• _Aim of the exercise_
Exclude all images and print the entries below exactly.

• _Available data_
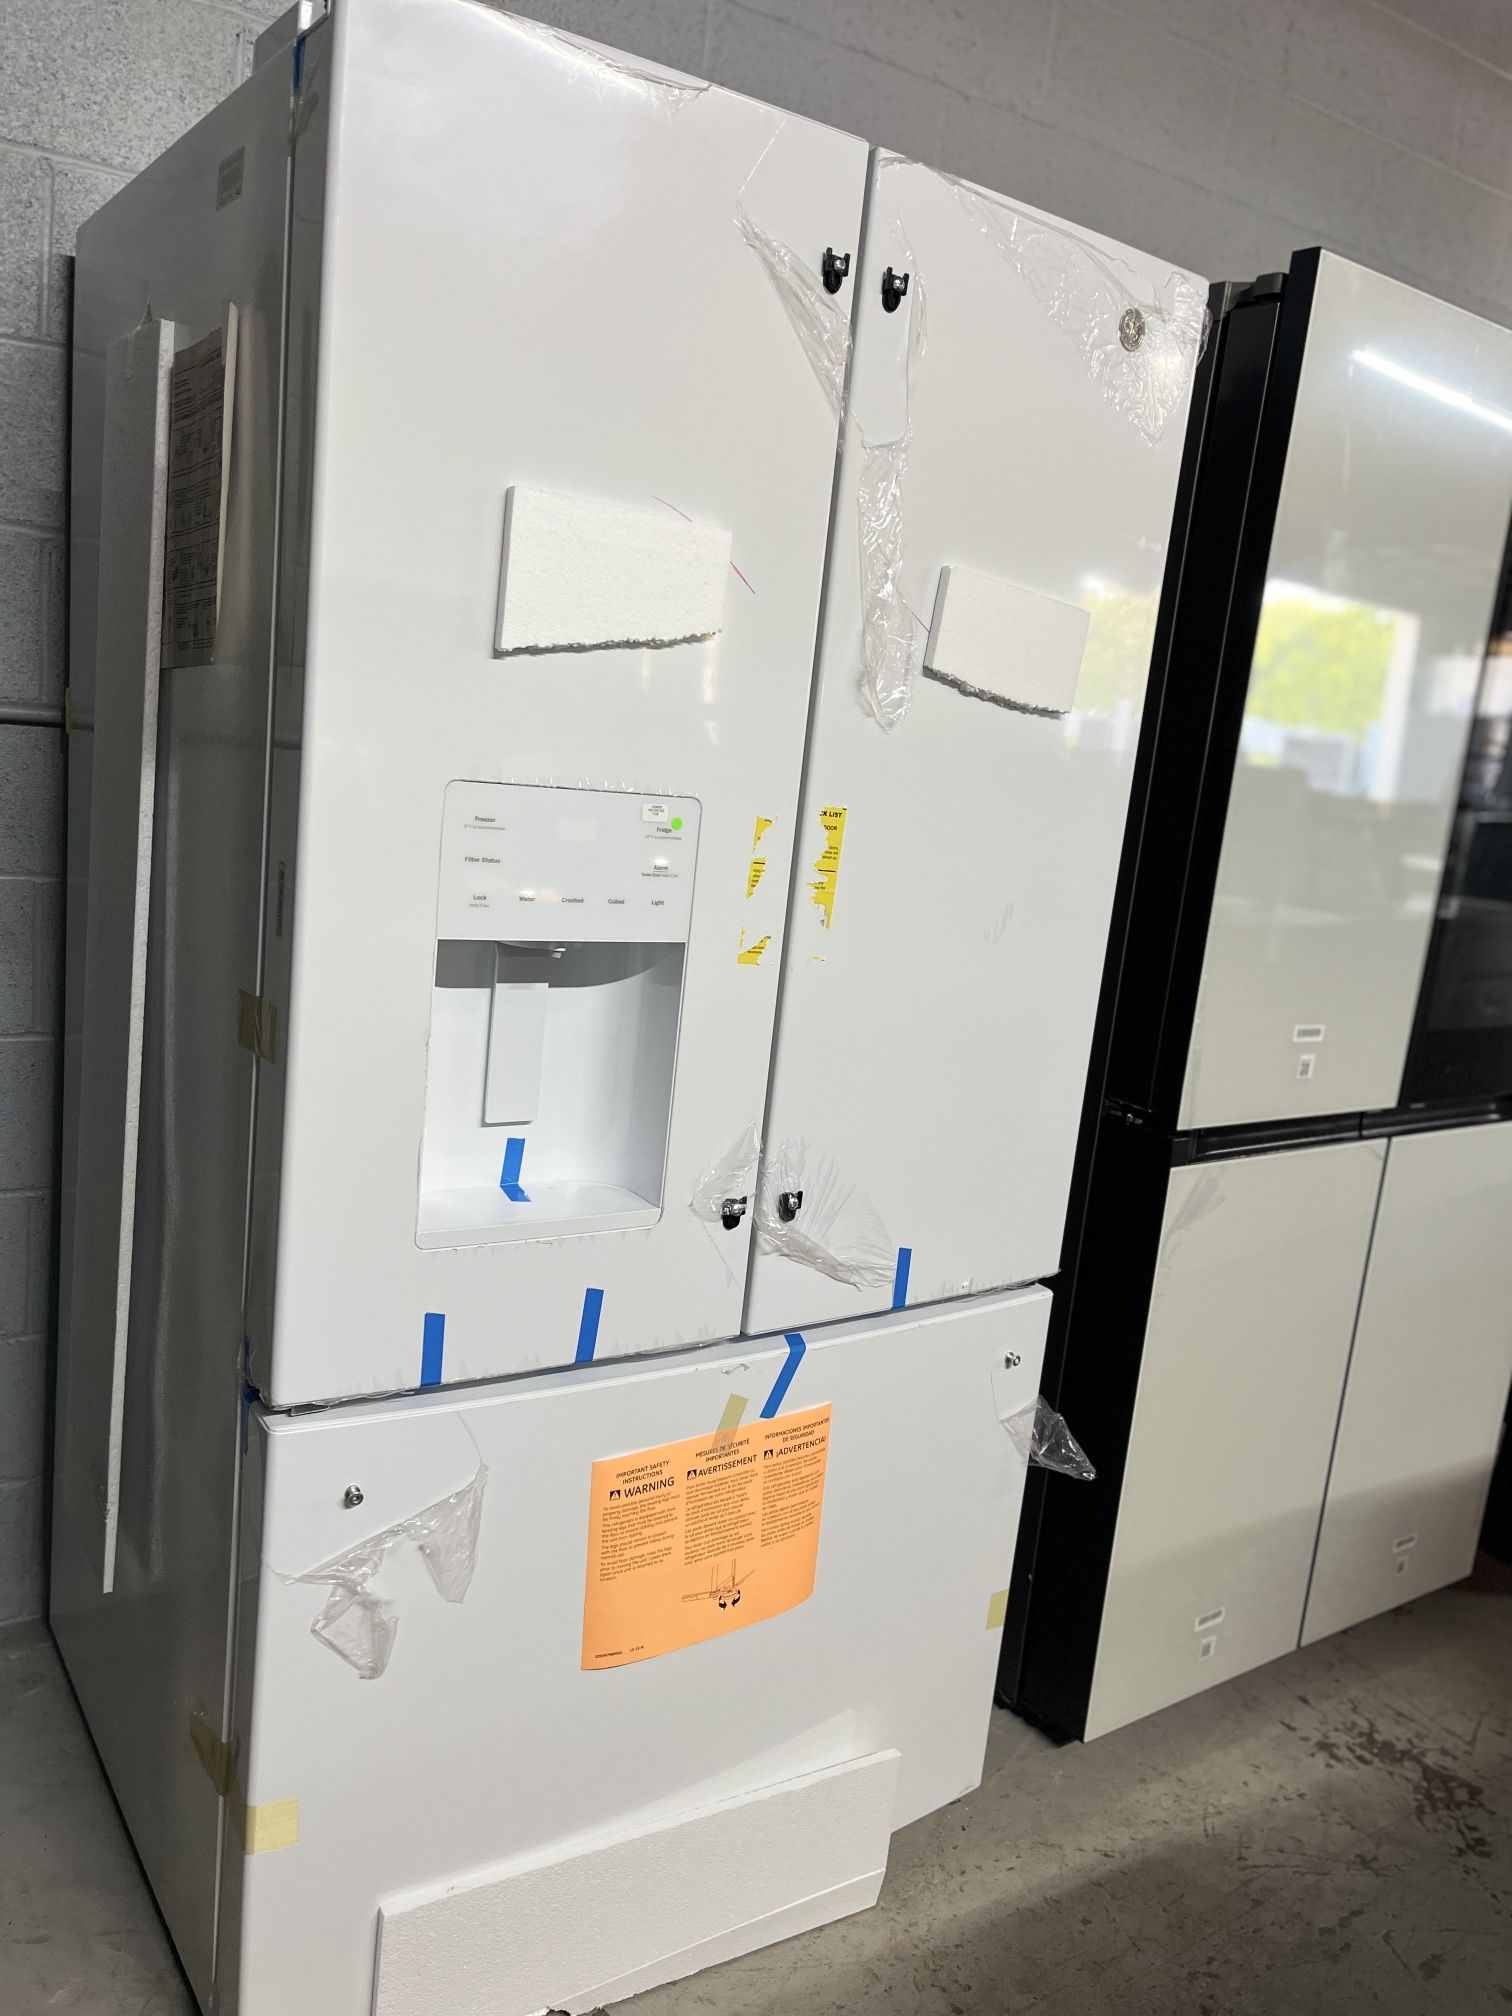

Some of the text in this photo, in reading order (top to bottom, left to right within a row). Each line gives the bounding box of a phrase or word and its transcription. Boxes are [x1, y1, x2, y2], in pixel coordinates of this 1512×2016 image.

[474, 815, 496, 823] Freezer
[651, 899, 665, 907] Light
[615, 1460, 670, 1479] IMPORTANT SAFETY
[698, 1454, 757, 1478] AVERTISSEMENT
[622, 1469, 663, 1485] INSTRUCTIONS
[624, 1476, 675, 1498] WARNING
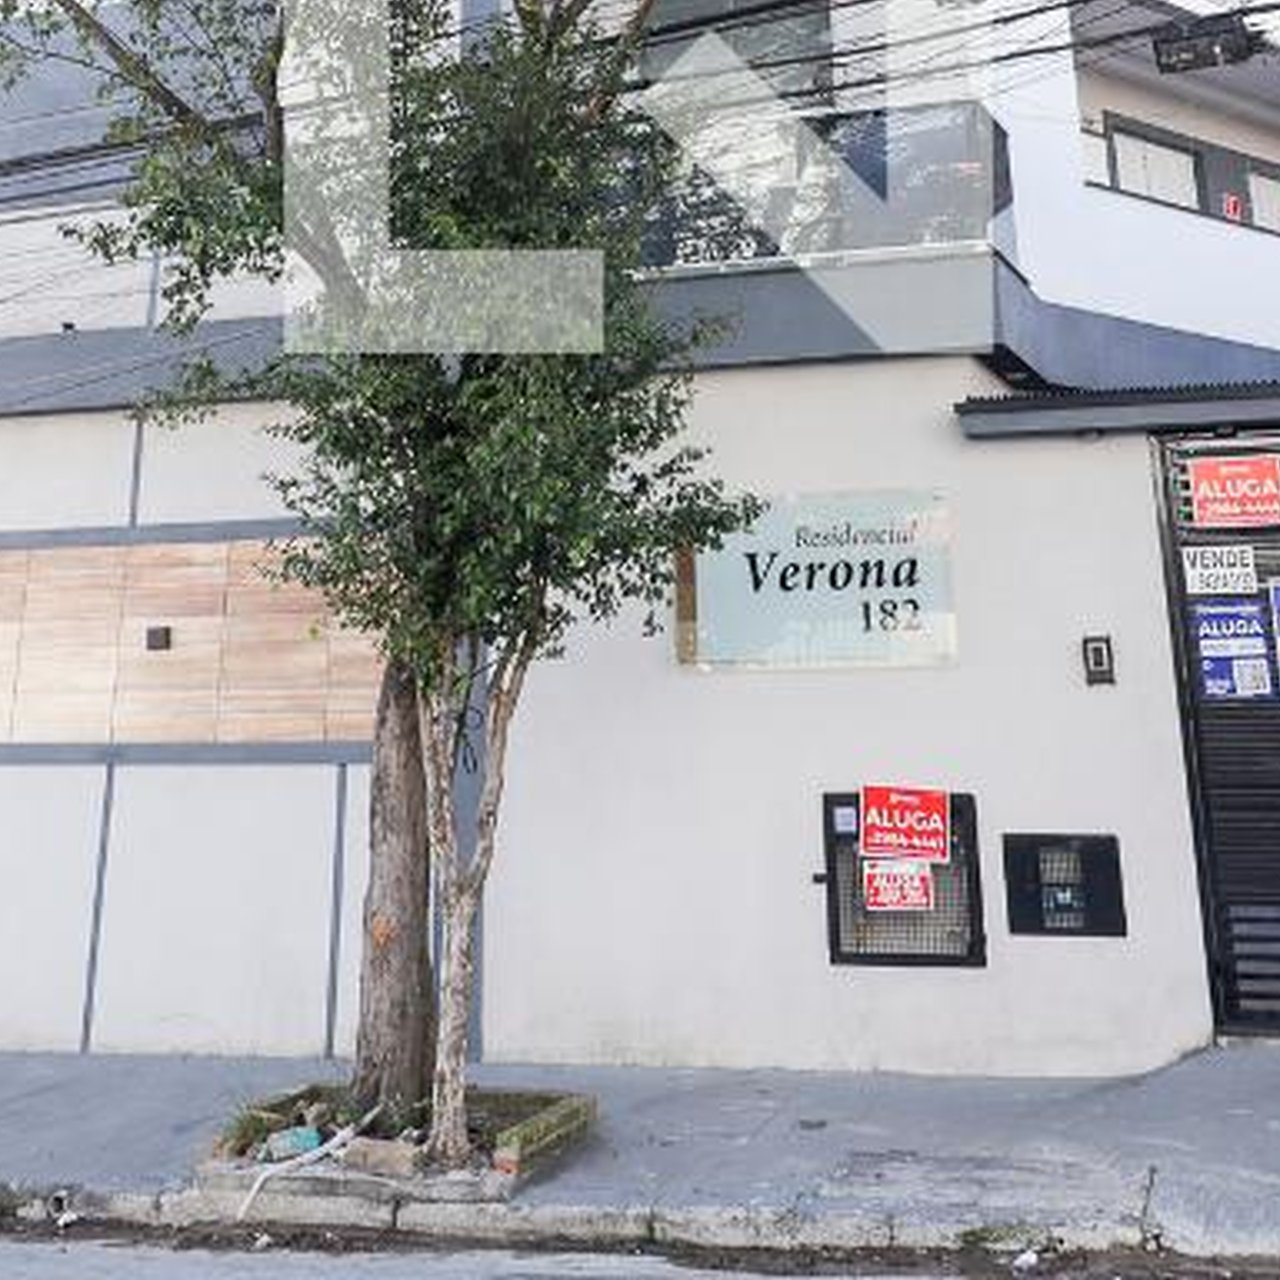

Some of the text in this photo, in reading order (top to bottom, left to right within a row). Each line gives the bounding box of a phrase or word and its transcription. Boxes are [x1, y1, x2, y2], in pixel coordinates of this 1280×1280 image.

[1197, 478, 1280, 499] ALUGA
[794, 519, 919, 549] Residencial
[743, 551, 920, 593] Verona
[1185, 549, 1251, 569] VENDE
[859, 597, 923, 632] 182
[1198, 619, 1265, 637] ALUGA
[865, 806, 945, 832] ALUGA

• _Expected output_
Some of the text in this photo, in reading order (top to bottom, left to right within a row). Each line gives the bounding box of a phrase or word and its transcription. Boxes are [x1, y1, x2, y2], in pixel coordinates of this 1512×2016 image.

[474, 815, 496, 823] Freezer
[651, 899, 665, 907] Light
[615, 1460, 670, 1479] IMPORTANT SAFETY
[698, 1454, 757, 1478] AVERTISSEMENT
[622, 1469, 663, 1485] INSTRUCTIONS
[624, 1476, 675, 1498] WARNING

Some of the text in this photo, in reading order (top to bottom, left to right within a row). Each line gives the bounding box of a phrase or word and its transcription. Boxes are [x1, y1, x2, y2], in pixel coordinates of this 1280×1280 image.

[1197, 478, 1280, 499] ALUGA
[794, 519, 919, 549] Residencial
[743, 551, 920, 593] Verona
[1185, 549, 1251, 569] VENDE
[859, 597, 923, 632] 182
[1198, 619, 1265, 637] ALUGA
[865, 806, 945, 832] ALUGA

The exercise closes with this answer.